**Supplied data**
···

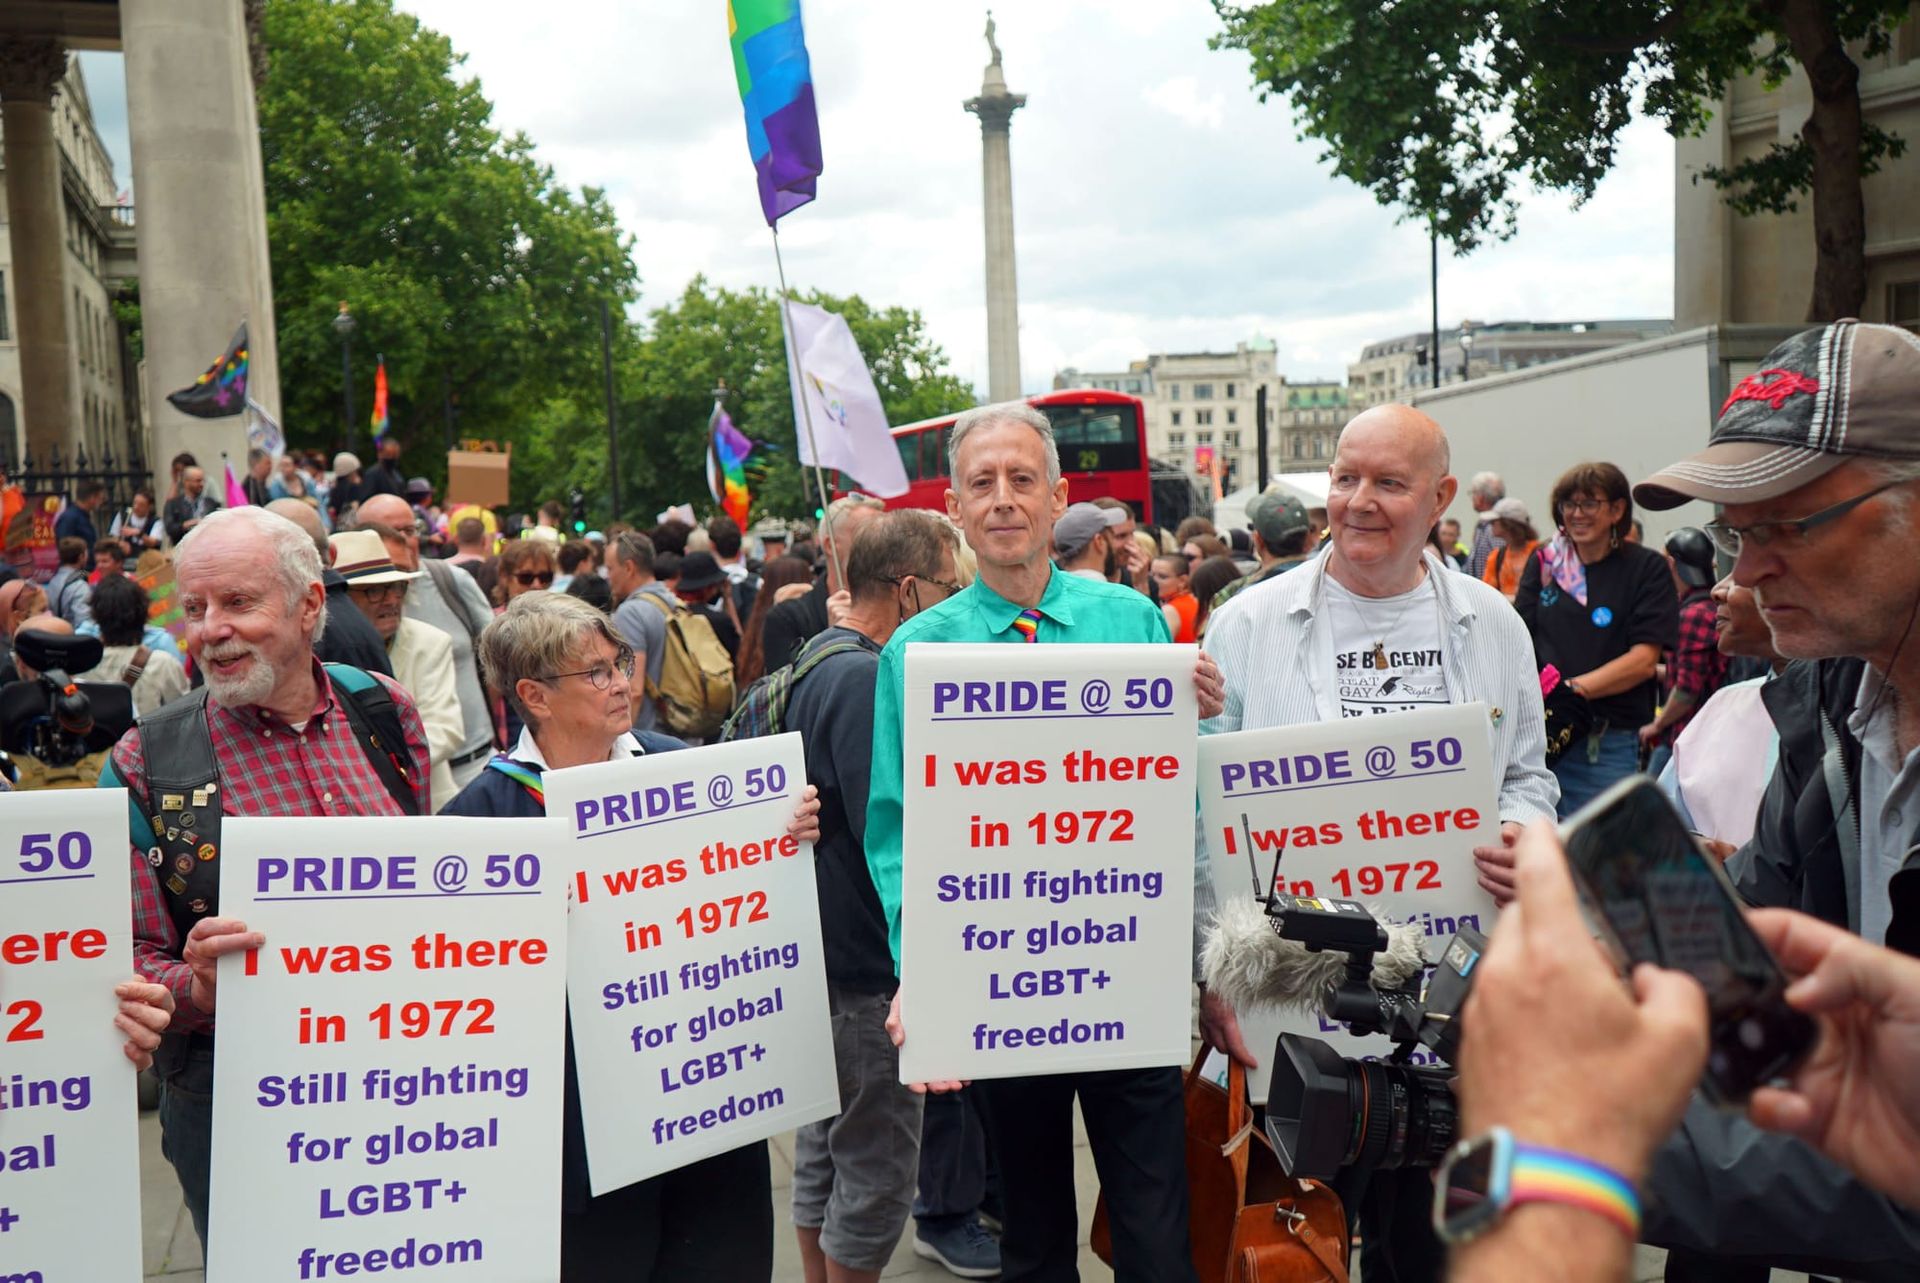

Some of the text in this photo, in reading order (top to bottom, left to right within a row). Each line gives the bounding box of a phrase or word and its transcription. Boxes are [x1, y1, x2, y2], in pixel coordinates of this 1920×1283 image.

[1078, 450, 1099, 469] 29
[934, 677, 1173, 714] PRIDE @ 50
[1340, 686, 1373, 698] GAY
[925, 749, 1180, 788] I was there
[1222, 737, 1462, 790] PRIDE @ 50
[575, 764, 786, 832] PRIDE @ 50
[970, 809, 1134, 848] in 1972
[1223, 807, 1481, 855] I was there
[19, 831, 92, 873] 50
[257, 853, 541, 893] PRIDE @ 50
[576, 833, 799, 904] I was there
[938, 867, 1163, 904] Still fighting
[1331, 860, 1442, 897] 1972
[624, 890, 769, 953] in 1972
[962, 915, 1137, 955] for global
[244, 933, 548, 977] I was there
[602, 943, 800, 1010] Still fighting
[989, 967, 1110, 1000] LGBT+
[299, 998, 495, 1045] in 1972
[631, 986, 783, 1052] for global
[973, 1018, 1125, 1051] freedom
[257, 1063, 530, 1108] Still fighting
[660, 1042, 767, 1094] LGBT+
[652, 1086, 784, 1145] freedom
[0, 1134, 56, 1173] al
[287, 1118, 498, 1165] for global
[319, 1178, 467, 1219] LGBT+
[297, 1238, 483, 1280] freedom
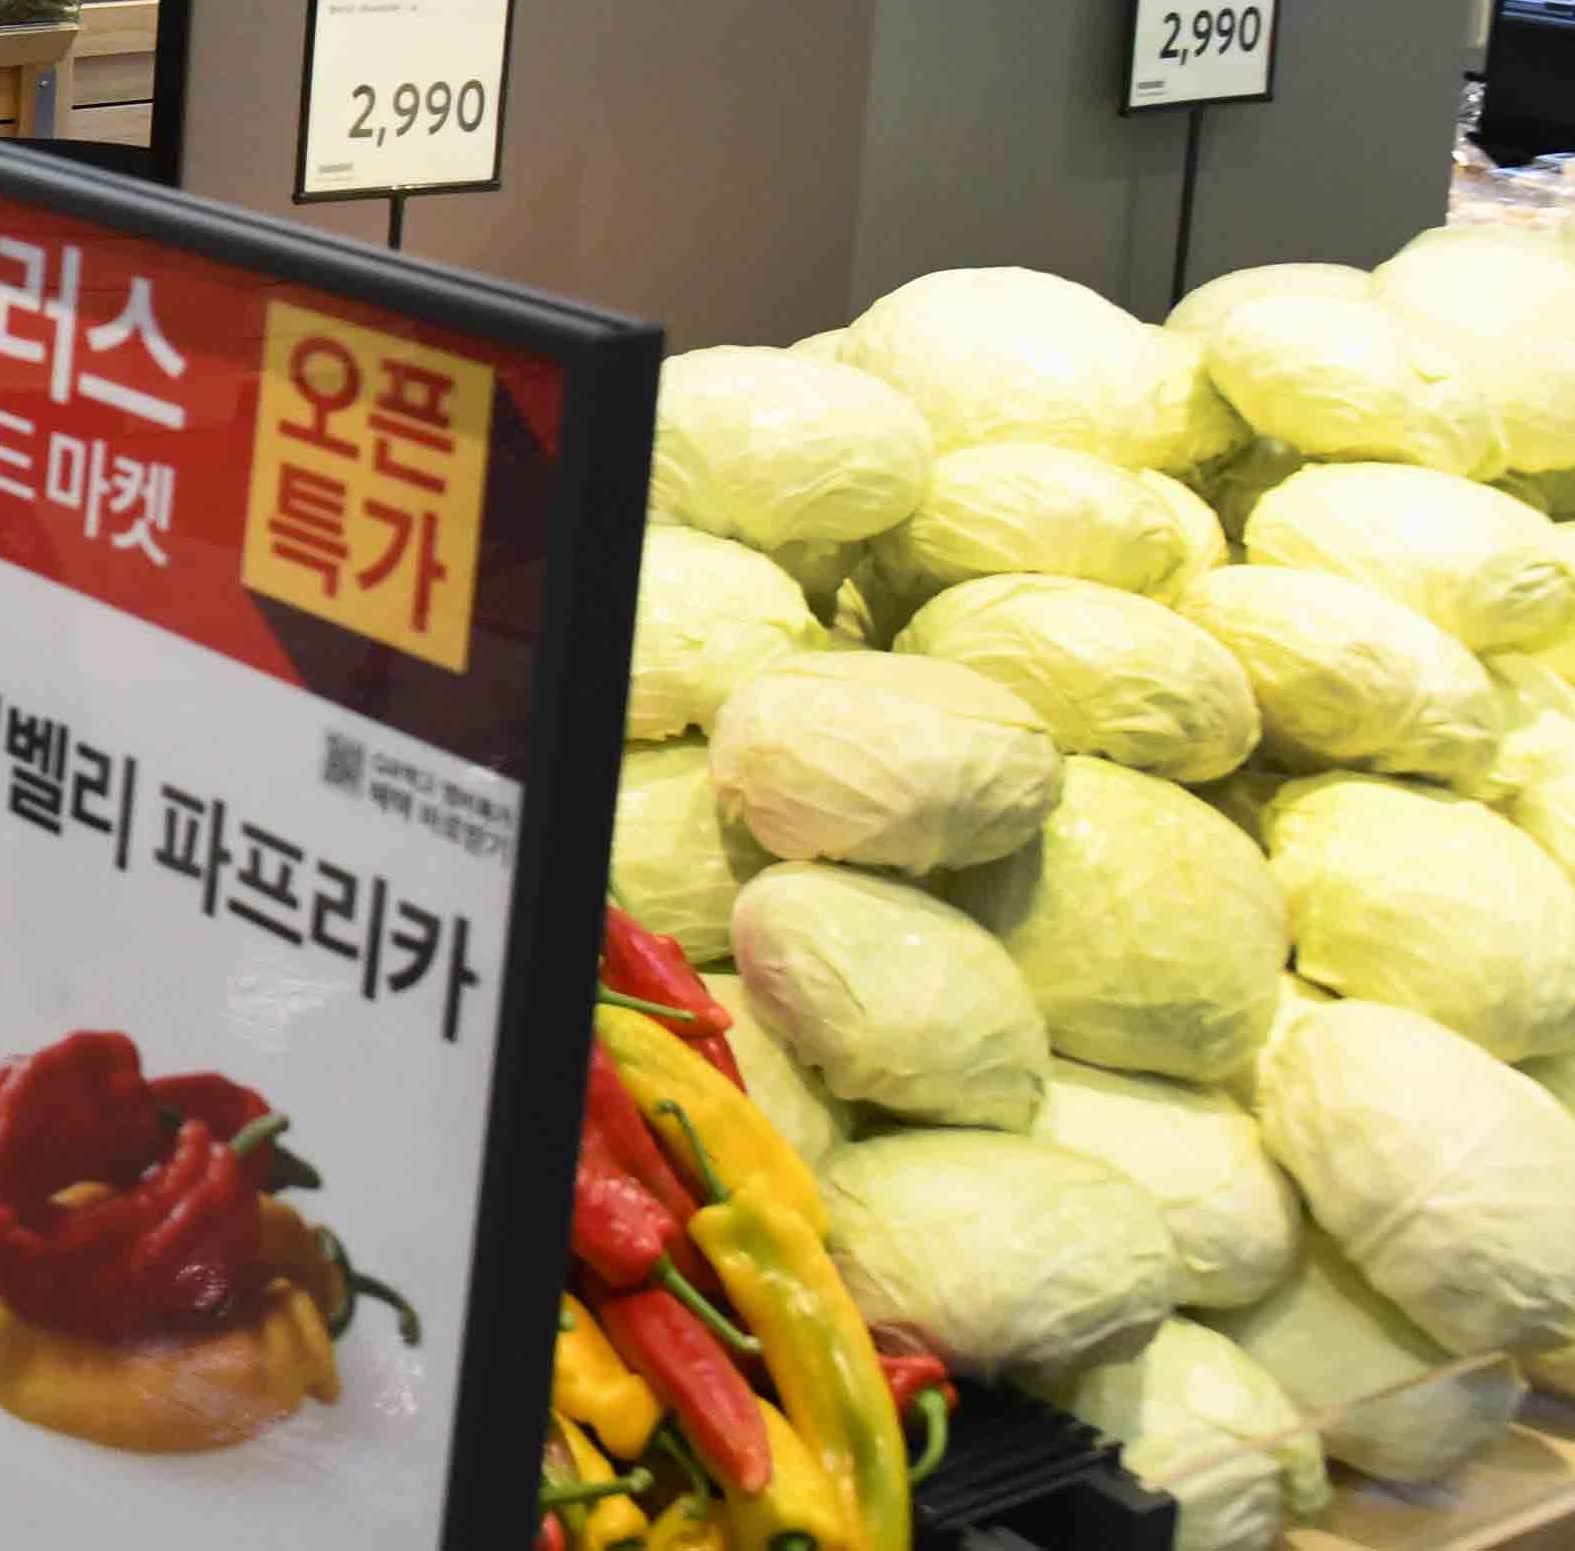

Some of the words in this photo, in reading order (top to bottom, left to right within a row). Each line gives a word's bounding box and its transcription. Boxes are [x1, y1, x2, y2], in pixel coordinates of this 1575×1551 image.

···

A precise repetition of every entry, free of pictures, is the expected answer.

**Exercise output**
Some of the text in this photo, in reading order (top to bottom, left to right within a row). Each line gives the bounding box of a phrase or word and its transcription. Boxes are [x1, y1, x2, y2], in pixel coordinates of this 1920×1283 image.

[1078, 450, 1099, 469] 29
[934, 677, 1173, 714] PRIDE @ 50
[1340, 686, 1373, 698] GAY
[925, 749, 1180, 788] I was there
[1222, 737, 1462, 790] PRIDE @ 50
[575, 764, 786, 832] PRIDE @ 50
[970, 809, 1134, 848] in 1972
[1223, 807, 1481, 855] I was there
[19, 831, 92, 873] 50
[257, 853, 541, 893] PRIDE @ 50
[576, 833, 799, 904] I was there
[938, 867, 1163, 904] Still fighting
[1331, 860, 1442, 897] 1972
[624, 890, 769, 953] in 1972
[962, 915, 1137, 955] for global
[244, 933, 548, 977] I was there
[602, 943, 800, 1010] Still fighting
[989, 967, 1110, 1000] LGBT+
[299, 998, 495, 1045] in 1972
[631, 986, 783, 1052] for global
[973, 1018, 1125, 1051] freedom
[257, 1063, 530, 1108] Still fighting
[660, 1042, 767, 1094] LGBT+
[652, 1086, 784, 1145] freedom
[0, 1134, 56, 1173] al
[287, 1118, 498, 1165] for global
[319, 1178, 467, 1219] LGBT+
[297, 1238, 483, 1280] freedom

Some of the words in this photo, in reading order (top to bottom, left to right within a row). Each line gives a word's bounding box and its transcription. Boxes are [x1, y1, x2, y2], in pixel coordinates of this 1575×1551 image.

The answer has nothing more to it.